Repeat the data that follows verbatim. Images are not part of the copy.

Images for object localization
........
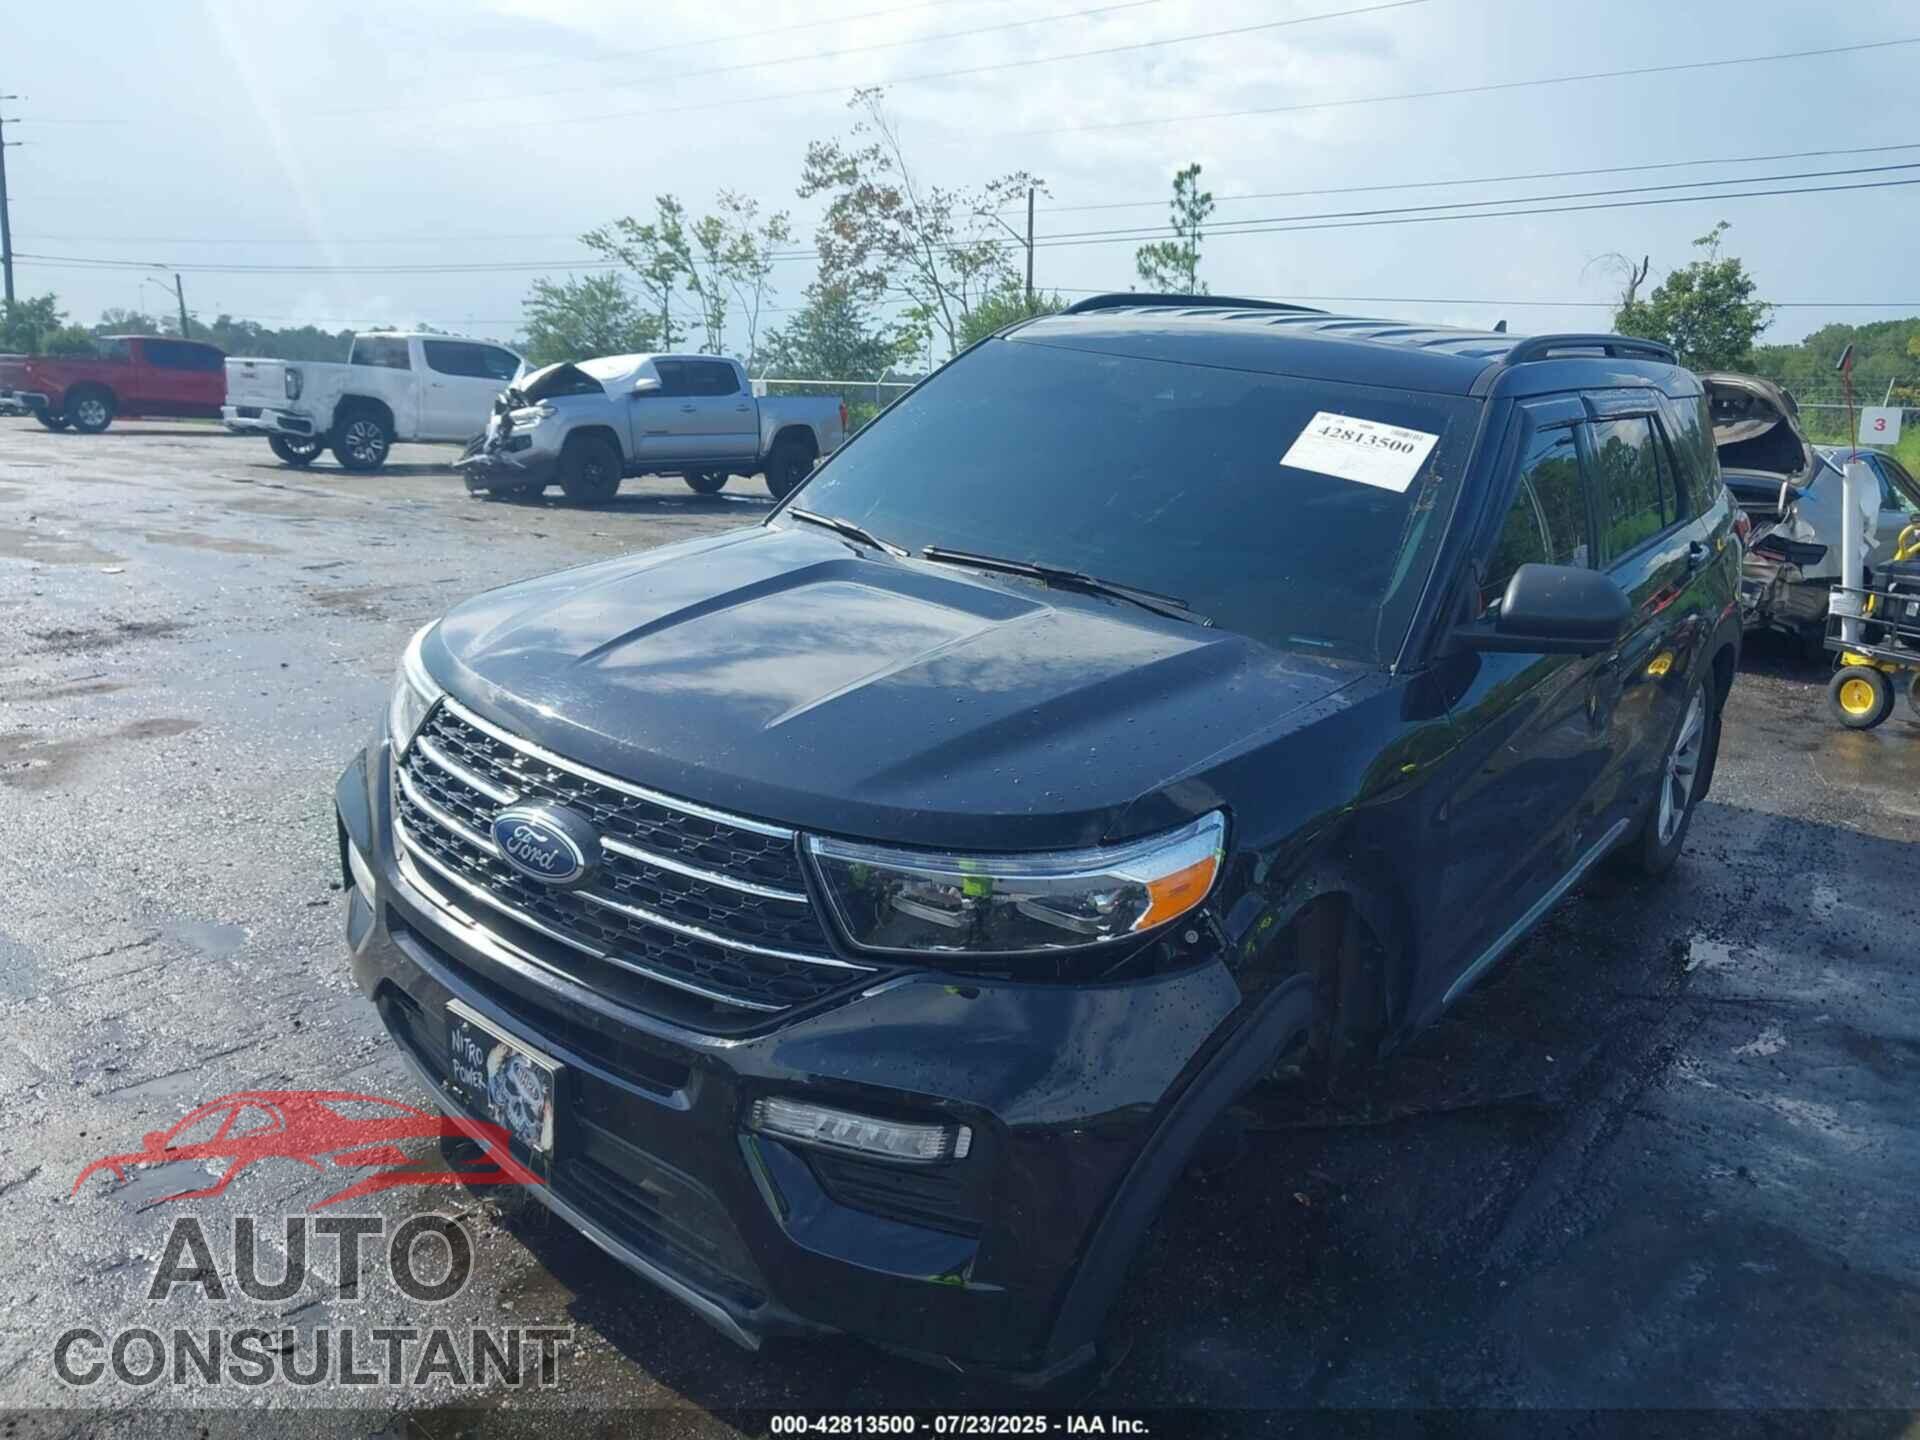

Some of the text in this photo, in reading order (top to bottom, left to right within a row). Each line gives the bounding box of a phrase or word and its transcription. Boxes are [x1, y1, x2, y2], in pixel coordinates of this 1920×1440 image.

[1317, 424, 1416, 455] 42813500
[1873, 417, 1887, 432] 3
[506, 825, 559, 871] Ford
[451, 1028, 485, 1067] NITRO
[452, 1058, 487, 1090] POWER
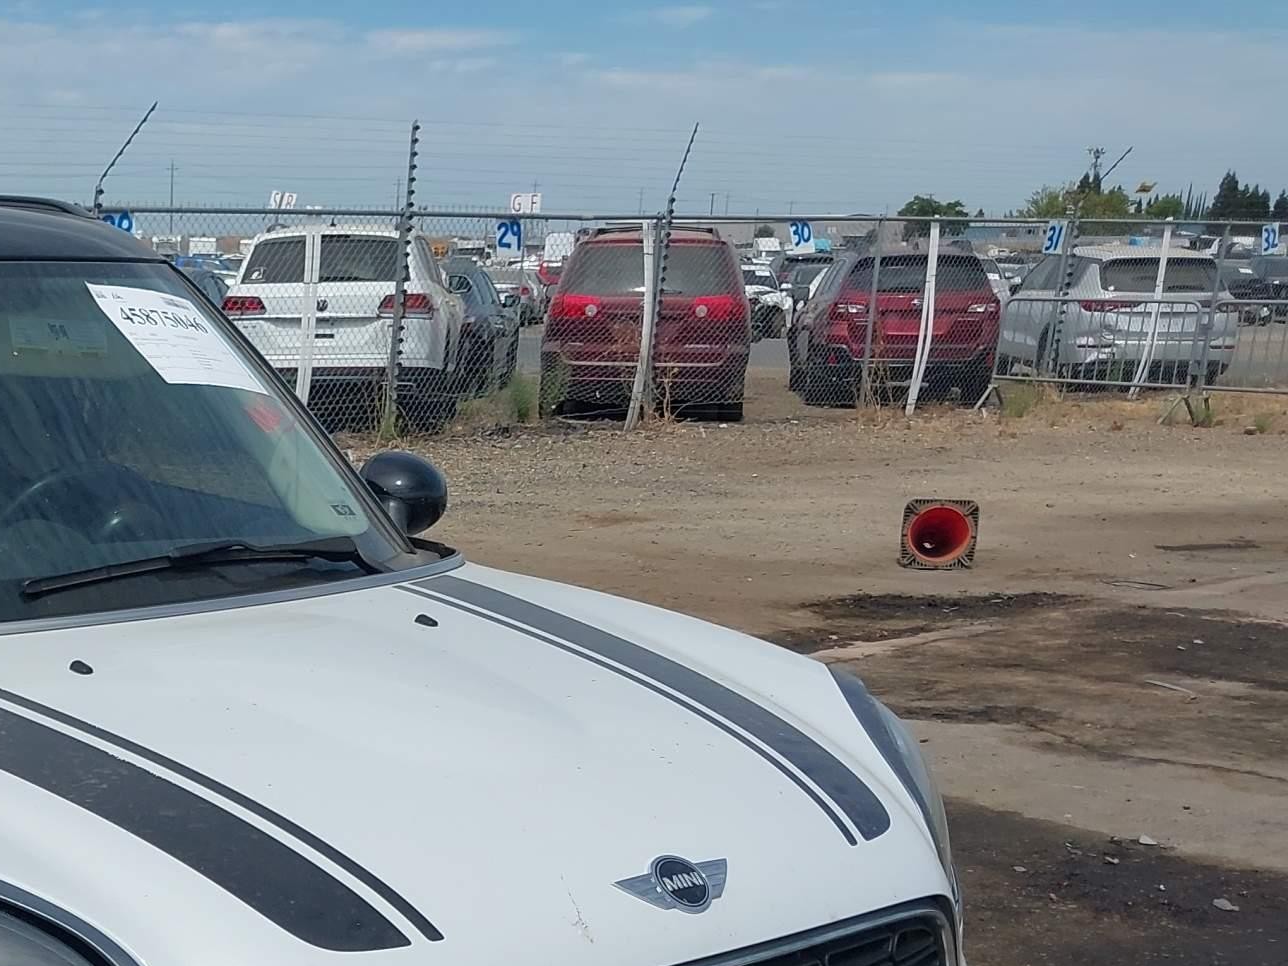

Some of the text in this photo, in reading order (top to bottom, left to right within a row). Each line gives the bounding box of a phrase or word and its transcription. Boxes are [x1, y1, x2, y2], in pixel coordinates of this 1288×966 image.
........
**SOLUTION TO THIS EXERCISE**:
Some of the text in this photo, in reading order (top to bottom, left to right within a row). Each line gives the bounding box of a phrase or word and its transcription. Boxes are [x1, y1, x2, y2], in pixel coordinates of this 1920×1440 image.

[1317, 424, 1416, 455] 42813500
[1873, 417, 1887, 432] 3
[506, 825, 559, 871] Ford
[451, 1028, 485, 1067] NITRO
[452, 1058, 487, 1090] POWER

Some of the text in this photo, in reading order (top to bottom, left to right within a row). Each line gives the bounding box of a phrase or word and its transcription. Boxes are [x1, y1, x2, y2], in pixel coordinates of this 1288×966 image.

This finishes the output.